I would argue that NK has already launched a preemptive attack towards one of our allies multiple times,and that Trump has already show restraint but as I said, that is a debate for another thread.

https://www.cnbc.com/2017/07/03/north-k ... ports.html
I don't think you know what "preemptive attack" means. To be more exact, it is the word "attack" that seems to have you confused. A missile falling innocently into an ocean is not an attack. The US does war games all the time in which missiles are fired, and that's apparently OK with you.
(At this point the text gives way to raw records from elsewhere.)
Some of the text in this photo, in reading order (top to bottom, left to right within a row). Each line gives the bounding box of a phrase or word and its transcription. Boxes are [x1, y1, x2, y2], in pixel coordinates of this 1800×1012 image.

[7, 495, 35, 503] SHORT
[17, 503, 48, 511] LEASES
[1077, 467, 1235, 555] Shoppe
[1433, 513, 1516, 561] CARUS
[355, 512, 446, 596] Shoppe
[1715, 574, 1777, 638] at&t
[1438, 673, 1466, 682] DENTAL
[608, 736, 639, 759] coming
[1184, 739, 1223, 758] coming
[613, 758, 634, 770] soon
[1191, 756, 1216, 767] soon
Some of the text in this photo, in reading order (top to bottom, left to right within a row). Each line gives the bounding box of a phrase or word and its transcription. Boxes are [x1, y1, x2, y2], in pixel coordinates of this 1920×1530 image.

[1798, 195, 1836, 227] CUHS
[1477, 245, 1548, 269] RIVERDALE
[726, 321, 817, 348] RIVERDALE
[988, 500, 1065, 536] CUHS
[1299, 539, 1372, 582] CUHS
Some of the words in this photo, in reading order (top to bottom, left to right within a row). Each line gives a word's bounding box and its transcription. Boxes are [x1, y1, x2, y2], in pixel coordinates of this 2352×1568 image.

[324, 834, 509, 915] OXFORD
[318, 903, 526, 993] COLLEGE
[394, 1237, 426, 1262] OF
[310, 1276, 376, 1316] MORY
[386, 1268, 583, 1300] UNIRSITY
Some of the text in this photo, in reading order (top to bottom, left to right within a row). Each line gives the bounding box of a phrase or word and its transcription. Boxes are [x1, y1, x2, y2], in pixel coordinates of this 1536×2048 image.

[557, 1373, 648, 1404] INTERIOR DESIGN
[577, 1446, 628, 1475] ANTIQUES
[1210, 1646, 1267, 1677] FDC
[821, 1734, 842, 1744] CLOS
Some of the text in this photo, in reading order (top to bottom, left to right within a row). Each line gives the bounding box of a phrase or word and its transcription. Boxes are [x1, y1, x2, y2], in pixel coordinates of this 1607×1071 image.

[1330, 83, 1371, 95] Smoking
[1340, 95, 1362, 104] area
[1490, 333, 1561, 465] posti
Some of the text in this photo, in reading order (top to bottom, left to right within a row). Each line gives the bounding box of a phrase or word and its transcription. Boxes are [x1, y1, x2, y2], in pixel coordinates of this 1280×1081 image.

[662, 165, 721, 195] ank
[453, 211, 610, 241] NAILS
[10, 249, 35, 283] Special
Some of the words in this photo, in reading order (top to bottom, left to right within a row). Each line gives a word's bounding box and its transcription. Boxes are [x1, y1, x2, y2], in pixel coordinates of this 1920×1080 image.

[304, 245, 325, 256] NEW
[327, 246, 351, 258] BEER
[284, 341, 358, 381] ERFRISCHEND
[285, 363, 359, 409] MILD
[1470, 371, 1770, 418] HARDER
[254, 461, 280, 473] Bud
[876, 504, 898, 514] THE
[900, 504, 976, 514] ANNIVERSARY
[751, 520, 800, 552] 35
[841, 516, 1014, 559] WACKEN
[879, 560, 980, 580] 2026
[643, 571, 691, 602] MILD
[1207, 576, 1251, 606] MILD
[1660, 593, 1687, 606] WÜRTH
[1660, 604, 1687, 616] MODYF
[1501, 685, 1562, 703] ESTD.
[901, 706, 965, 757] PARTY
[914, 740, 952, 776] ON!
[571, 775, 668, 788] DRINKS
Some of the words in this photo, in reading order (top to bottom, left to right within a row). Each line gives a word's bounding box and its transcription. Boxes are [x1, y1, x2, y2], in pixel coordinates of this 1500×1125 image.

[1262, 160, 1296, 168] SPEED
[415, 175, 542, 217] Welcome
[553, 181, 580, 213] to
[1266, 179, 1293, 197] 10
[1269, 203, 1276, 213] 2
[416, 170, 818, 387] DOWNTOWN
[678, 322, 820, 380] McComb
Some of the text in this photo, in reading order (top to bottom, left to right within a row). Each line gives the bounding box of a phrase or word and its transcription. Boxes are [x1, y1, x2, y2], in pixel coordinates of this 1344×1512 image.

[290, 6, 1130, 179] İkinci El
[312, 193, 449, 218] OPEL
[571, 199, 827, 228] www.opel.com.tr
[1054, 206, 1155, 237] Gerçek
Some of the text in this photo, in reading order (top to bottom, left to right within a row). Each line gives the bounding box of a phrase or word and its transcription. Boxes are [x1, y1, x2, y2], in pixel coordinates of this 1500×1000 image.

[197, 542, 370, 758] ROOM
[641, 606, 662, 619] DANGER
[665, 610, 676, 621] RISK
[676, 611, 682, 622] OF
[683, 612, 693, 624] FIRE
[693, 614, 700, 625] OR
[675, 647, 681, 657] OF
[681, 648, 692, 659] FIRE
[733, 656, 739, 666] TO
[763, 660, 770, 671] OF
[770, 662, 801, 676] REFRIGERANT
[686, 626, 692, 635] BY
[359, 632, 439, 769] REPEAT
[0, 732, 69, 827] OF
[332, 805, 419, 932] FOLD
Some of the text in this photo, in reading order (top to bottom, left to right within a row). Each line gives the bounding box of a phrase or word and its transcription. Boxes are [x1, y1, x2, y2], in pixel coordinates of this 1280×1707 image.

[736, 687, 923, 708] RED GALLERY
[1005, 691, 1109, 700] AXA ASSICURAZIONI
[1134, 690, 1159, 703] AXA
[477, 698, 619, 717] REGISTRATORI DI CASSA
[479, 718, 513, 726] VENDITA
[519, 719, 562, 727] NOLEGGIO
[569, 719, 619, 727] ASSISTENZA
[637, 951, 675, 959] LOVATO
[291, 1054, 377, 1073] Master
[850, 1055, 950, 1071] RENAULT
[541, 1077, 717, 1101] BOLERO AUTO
If tiny little sovereign country of North Korea does it, it's bad? If you're going to let the propaganda that passes for news upset you so much, perhaps you should take a break. What you are describing is not real-world or plausible. It is posturing for the Military Industrial Complex to have an excuse to kill more brown people. Look at the pattern. We couldn't attack Saddam until he was brutally savaged in the media. Same with Qaddafi. Same with Assad. Same with the "Nips" and "Krauts" in WW2. Don't be so easily manipulated. You're a child of the covenant and you have the most correct book on earth. Surely you can recognize that Ether 8 secret combinations have found the combination to getting you all riled up. However, if you just have to find scenarios in which to use the military and kill some people, why don't you wargame an attack on the Gadiantons in NYC and Washington, DC, and London?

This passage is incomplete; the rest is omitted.